The results are what they call Deep Moji. Described as "artificial emotional intelligence," Deep Moji was trained on millions of emojis "to understand emotions and sarcasm." Rahwan explained to MIT's Technology Review that in the context of online communication emojis take on the function of body language or tone in offering nonverbal cues for meaning.
The amount of data that went into the training was massive. They started with 55 billion tweets, which they narrowed down to 1.2 billion that featured one or more emojis from a list of 64 common ones.
The first part of the training was getting the system to predict "which emoji would be used with a particular message, depending on whether it was happy, sad, humorous, and so on," Technology Review reports.
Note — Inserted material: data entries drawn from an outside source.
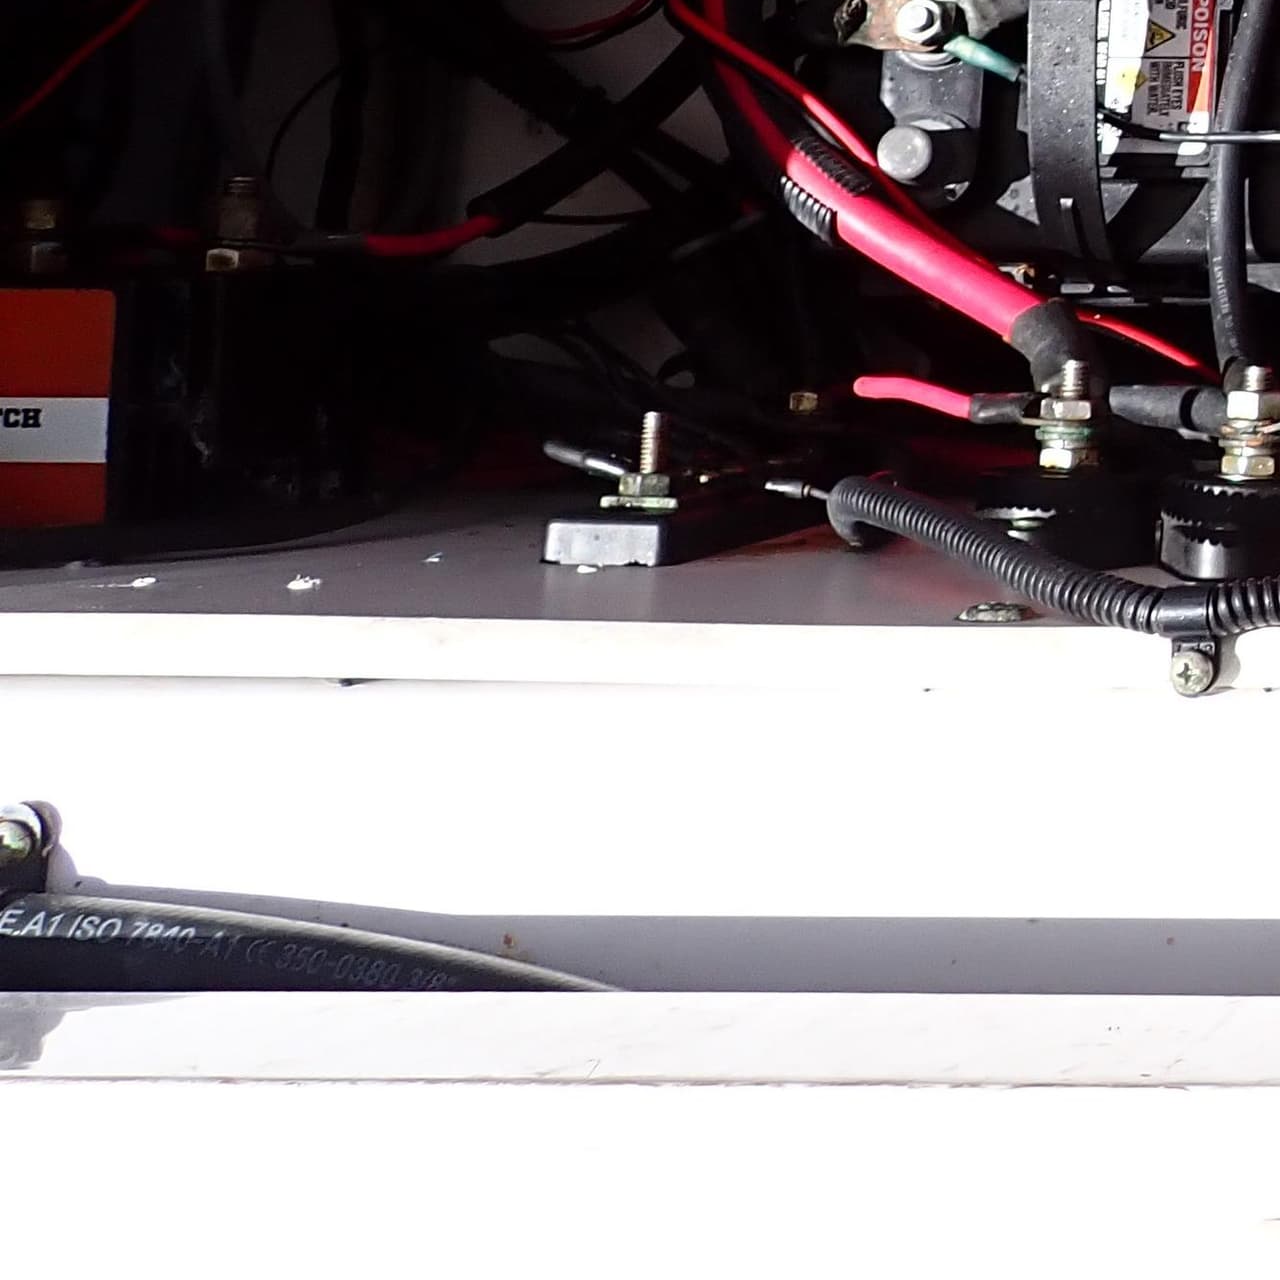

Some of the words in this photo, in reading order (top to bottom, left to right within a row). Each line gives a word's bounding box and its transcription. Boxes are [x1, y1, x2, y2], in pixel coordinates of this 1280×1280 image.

[1149, 62, 1160, 84] WITH
[1172, 62, 1185, 84] FLUSH
[1159, 62, 1172, 118] IMMEDIATELY
[1171, 87, 1183, 111] EYES
[64, 917, 125, 942] ISO
The sarcasm recognition was built on "an existing data set of labeled examples." The emoji training made the system more accurate at identifying sarcasm than algorithms that had not gone through the same.
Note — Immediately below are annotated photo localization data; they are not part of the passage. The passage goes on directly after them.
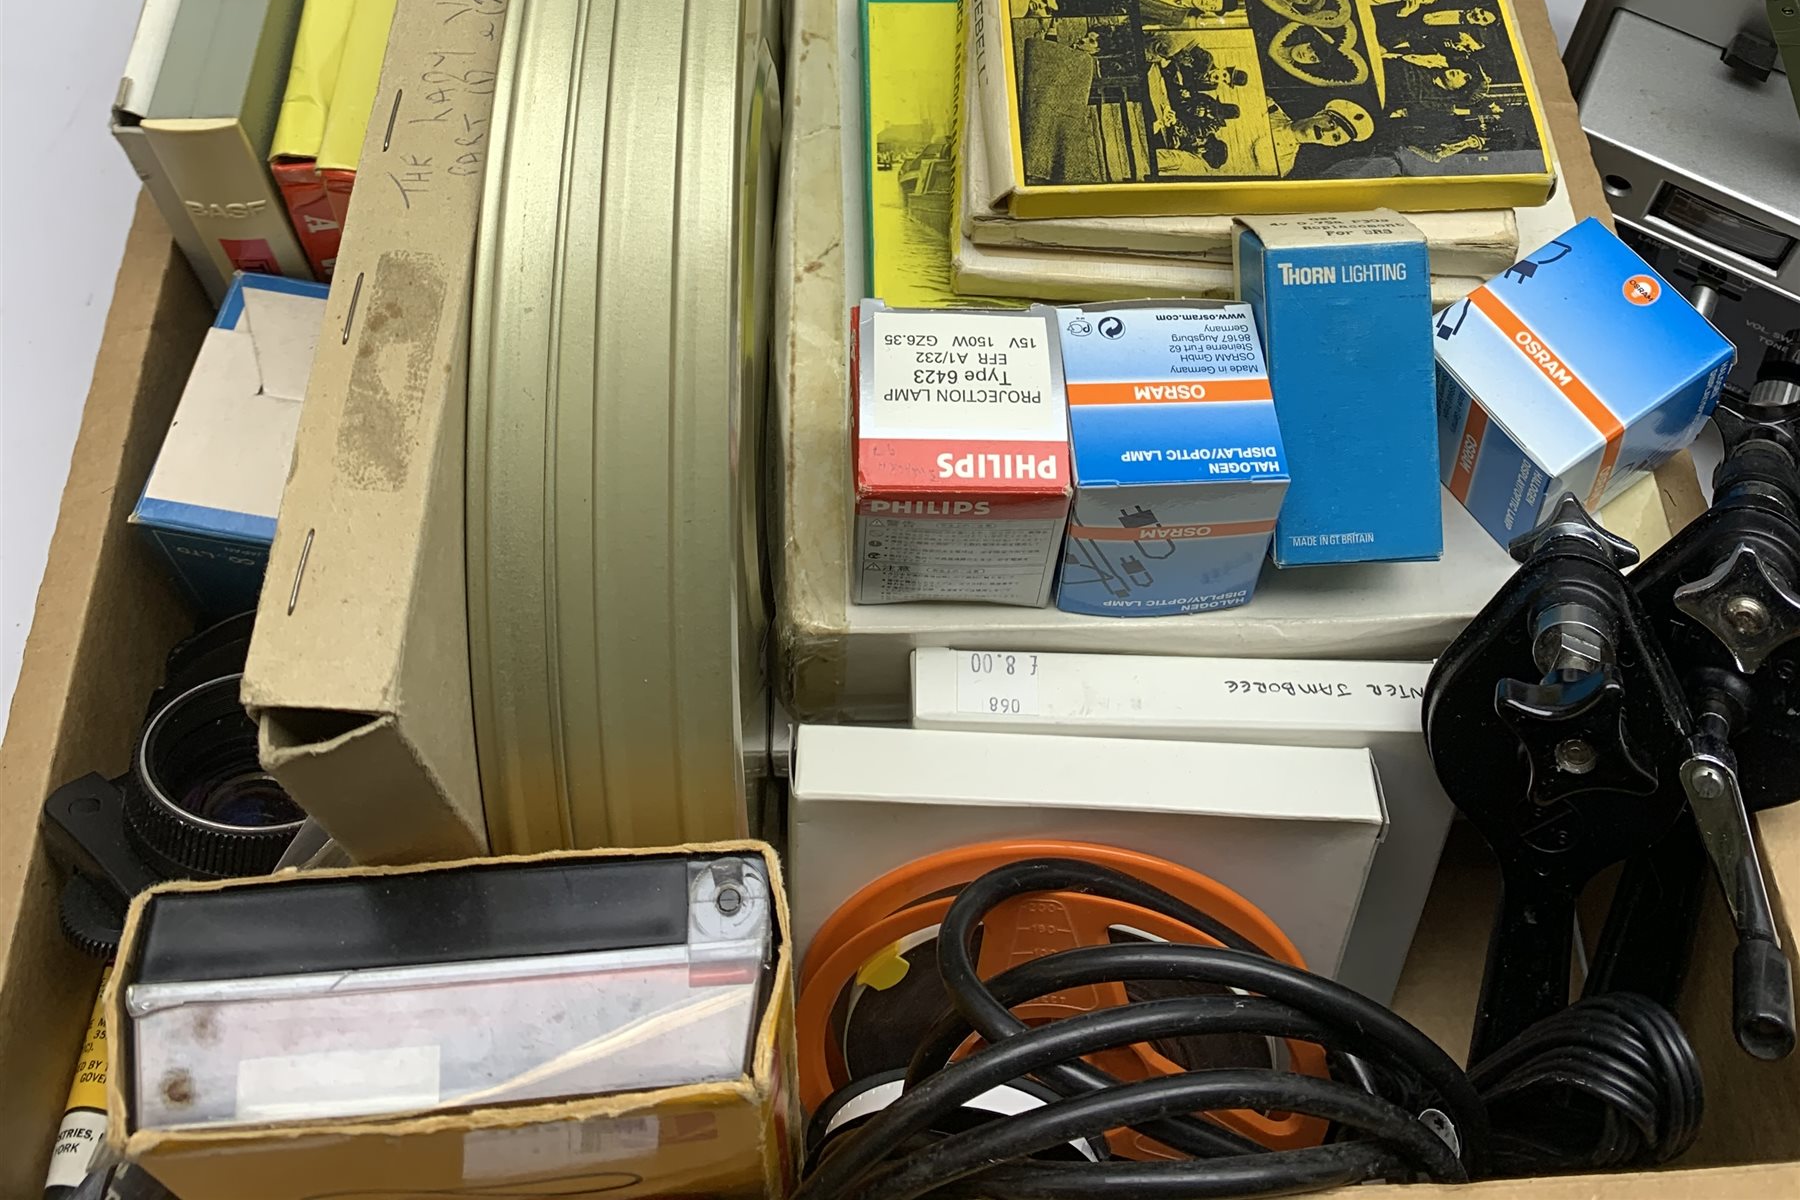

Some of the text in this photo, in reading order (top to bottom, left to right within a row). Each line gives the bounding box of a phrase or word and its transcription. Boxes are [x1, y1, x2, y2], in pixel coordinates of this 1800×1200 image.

[185, 200, 266, 218] BASF
[1277, 262, 1407, 286] THORN LIGHTING
[1629, 279, 1655, 303] OSRAM
[1155, 313, 1246, 322] www.osram.com
[1204, 324, 1249, 333] Germany
[884, 335, 1037, 349] 15V 150W GZ6.35
[1171, 334, 1251, 343] 86167 Augsburg
[1759, 336, 1789, 353] TONE
[1169, 343, 1253, 353] Steinerne Furt 62
[916, 352, 1008, 365] EFR A1/232
[1180, 352, 1255, 362] OSRAM GmbH
[1515, 331, 1573, 387] OSRAM
[1170, 364, 1258, 375] Made in Germany
[914, 370, 1012, 386] Type 6423
[884, 389, 1041, 404] PROJECTION LAMP
[1134, 385, 1206, 400] OSRAM
[1120, 447, 1276, 462] DISPLAY/OPTIC LAMP
[1460, 433, 1478, 474] OSRAM
[936, 453, 1057, 480] PHILIPS
[1209, 461, 1280, 474] HALOGEN
[1525, 470, 1543, 507] HALOGEN
[870, 501, 991, 515] PHILIPS
[1503, 509, 1516, 531] LAMP
[1139, 526, 1212, 539] OSRAM
[1292, 536, 1317, 547] MADE
[1320, 535, 1328, 545] IN
[1341, 532, 1375, 544] BRITAIN
[1102, 590, 1247, 608] DISPLAY/OPTIC LAMP
[1181, 598, 1245, 611] HALOGEN
[971, 653, 1016, 675] 8.00
[1225, 681, 1351, 696] JAMBOREE
[989, 697, 1020, 713] 068
[88, 1061, 103, 1071] BY
The researchers put DeepMoji to the test, not just against algorithms but against "several benchmarks for sensing sentiment and emotion in text." They then tested it against humans, and it did exceptionally well. "It was 82 percent accurate at identifying sarcasm correctly, compared with an average score of 76 percent for the human volunteers."
It is rather surprising that it would outperform humans as one would consider the average person would still be more fluent in sarcasm than AI. It would be enlightening to learn how many people were involved and if their background or native language may have been a factor.
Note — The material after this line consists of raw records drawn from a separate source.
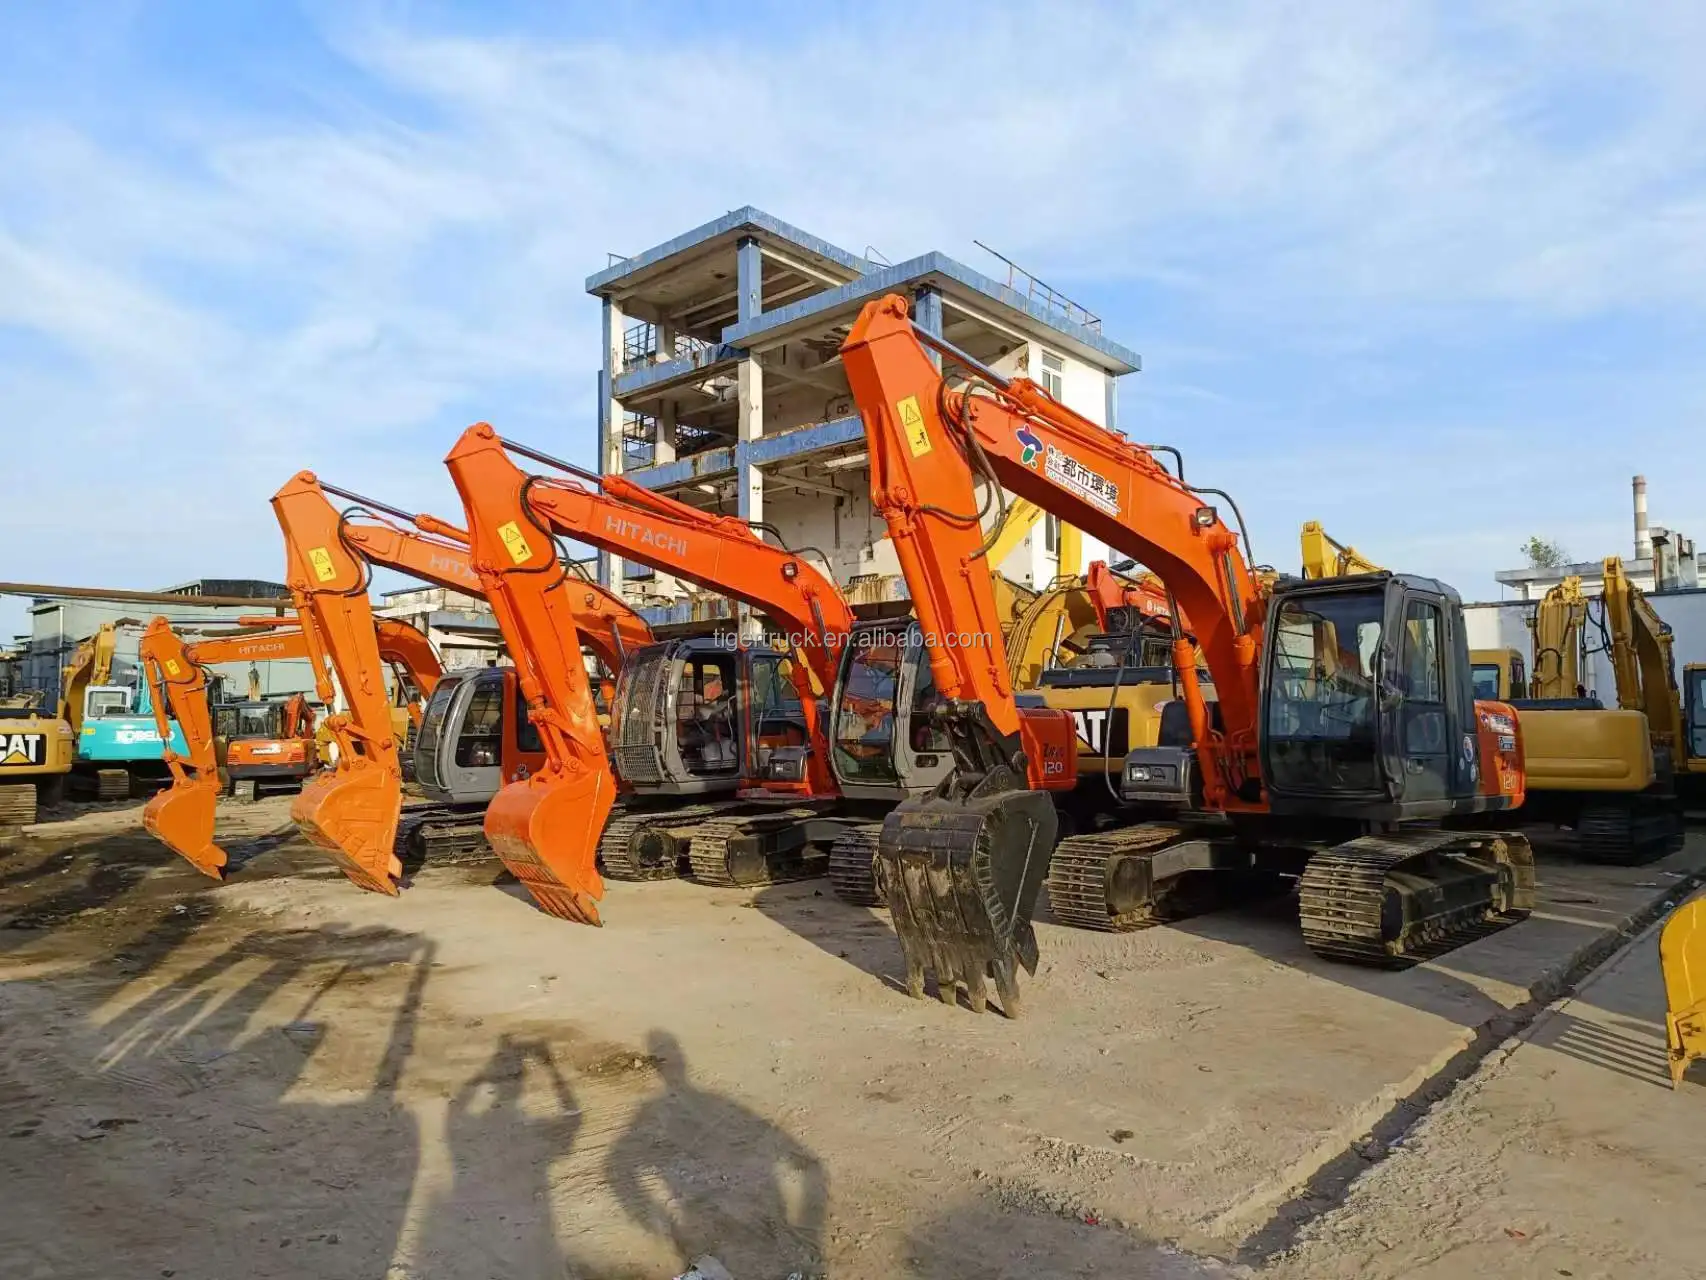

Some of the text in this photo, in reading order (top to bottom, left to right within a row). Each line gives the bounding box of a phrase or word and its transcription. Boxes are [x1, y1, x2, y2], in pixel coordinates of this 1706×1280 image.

[605, 515, 688, 557] HITACHI
[239, 643, 284, 654] HITACHI
[1073, 710, 1106, 754] AT
[1044, 761, 1063, 774] 120
[1503, 773, 1517, 790] 120
The site is meant to be interactive, and people who visit are encouraged to put in their sentences and label them. The video about it, that you can see below, ends with a call to action that people visit the site "to play with phrases and help turn words into emotion."
The additional input helps the system advance its learning and understanding of expressed sentiment. Visitors not only can enter tweet-like statement to see assigned emojis but can put in their own notes on the emotions behind them. Rahwan told Technology Review that self-identifying in that way is actually more accurate than having volunteers label other people's posts with the emotion they think is intended. Those fail to "'capture what psychologists would consider true sentiment,'" he insists.
Having come to read emojis, the system also generates them for the text put into it. I tested out some of the canned phrases already on the site and one that I typed it. I noted that the confidence level varies a great deal, from low to high. For the first two sentences I put in, the confidence level was high, as you can see here:
But I wanted to come up with something that shows some of the range and so then typed in one that only shows low confidence:
While seeing the emojis linked with statements may appear to just be a sort of modern day parlor trick, the purpose behind this emotional understanding is a serious one. The goal is to help combat hate speech. In fact, the researcher's original intent was to create something that would identify racist tweets. But the system needed to learn emotional context and sarcasm to accurately read tweets.
While the goal to improve the civility online is a noble one, improving machine-human communication is also helpful as an end in itself. With the increasingly popularity of IoT and voice-activated technology, we will have more and more people talking to their machines, and they will expect to be understood without extra explanations. To make that work, the emotional component of language has to be mastered by the machine.